Can someone help me with this problem.
We have $$x(t)=N \sin (w_{0} t)+\frac{w_0}{w_1}e^{\frac{-t}{T}}\sin (w_{1}t)$$
and $w_1=(1+\frac{\delta_1}{N^2})w_0$ for some $|\delta_1|\leq 1$.
I need to show that $$x(t)=N(1-e^{\frac{-t}{T}})\sin (w_0 t)+ \mathrm{O}(1).$$
I obtained $x(t)=N\sin w_0 t+\frac{N^2}{\delta_1+N^2}e^{-\frac{t}{T}}\sin w_1t$ but I don't know how to continue. I think I need to use the fact that $|\sin(a)-\sin(b)|\leq |a-b|$ but I am not exactly sure how to use it here.

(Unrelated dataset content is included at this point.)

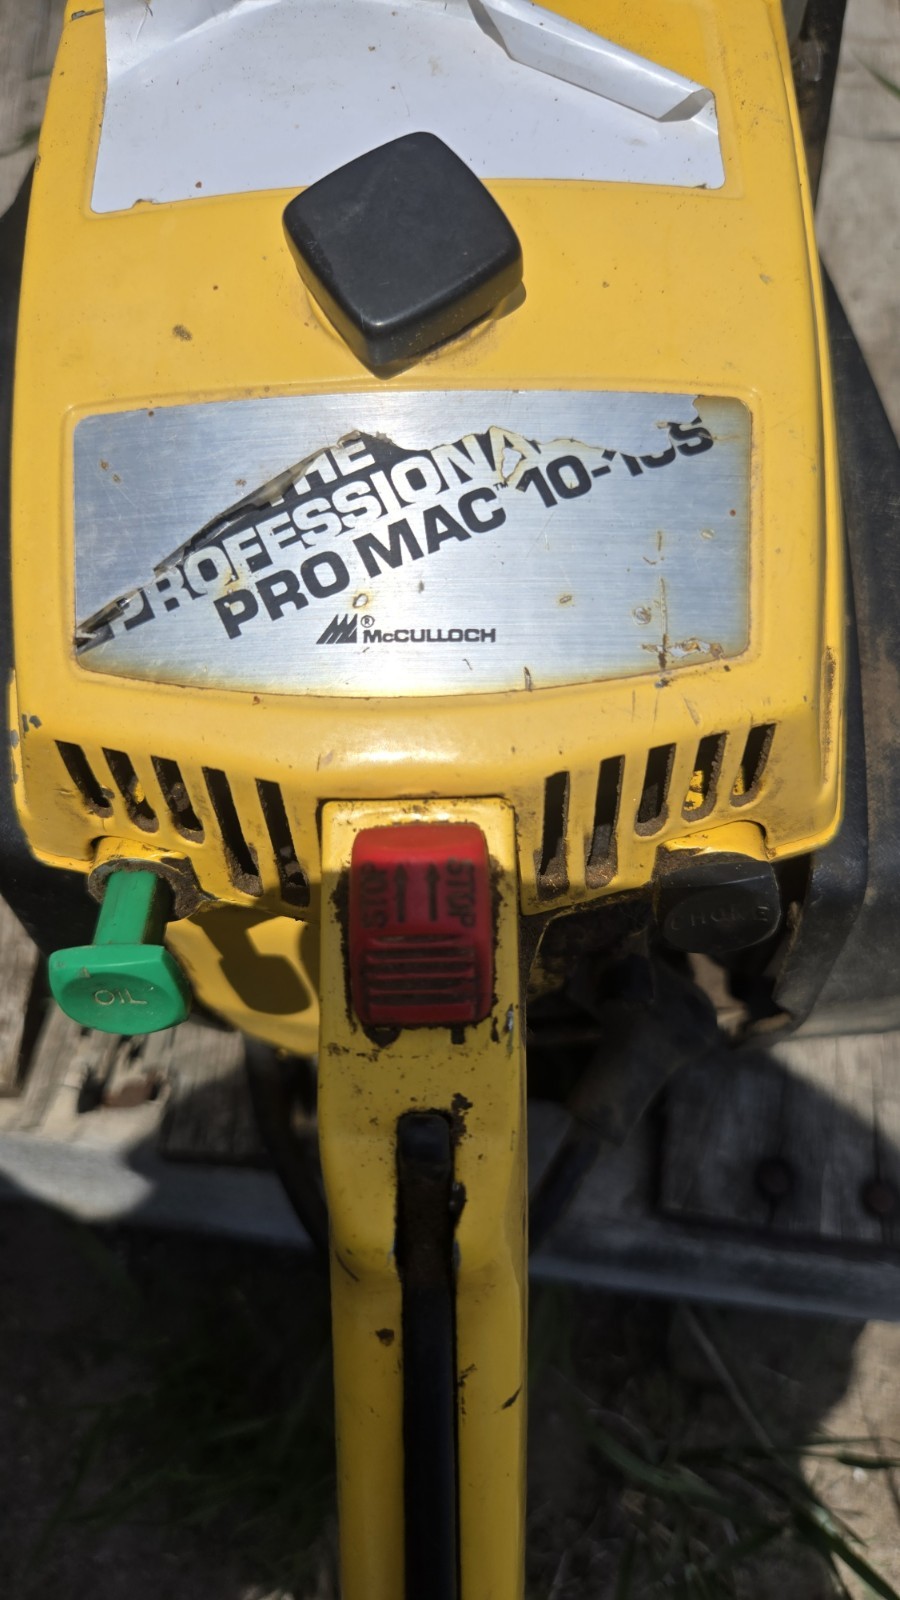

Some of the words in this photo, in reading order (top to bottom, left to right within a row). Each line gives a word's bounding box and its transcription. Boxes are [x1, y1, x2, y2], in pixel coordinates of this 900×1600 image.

Let's form the difference $$ x(t)-N\left(1-e^{-t/T} \right)\sin(w_0t)=\frac{w_0}{w_1}e^{-t/T}\sin(w_1t)+Ne^{-t/T}\sin(w_0t). $$ Now simply use the fact that $|\sin y|\leq 1$ for every $y\in\mathbb{R}$ to get $$ \left|x(t)-N\left(1-e^{-t/T} \right)\sin(w_0t)\right|\leq\frac{|w_0|}{|w_1|}e^{-t/T}+|N|e^{-t/T}. $$ The rhs is continuous on $[0,+\infty)$ and it tends to $0$ as $t$ tends to $+\infty$. So it is bounded and we get the $O(1)$ we want. Actually, we even have $o(1)$.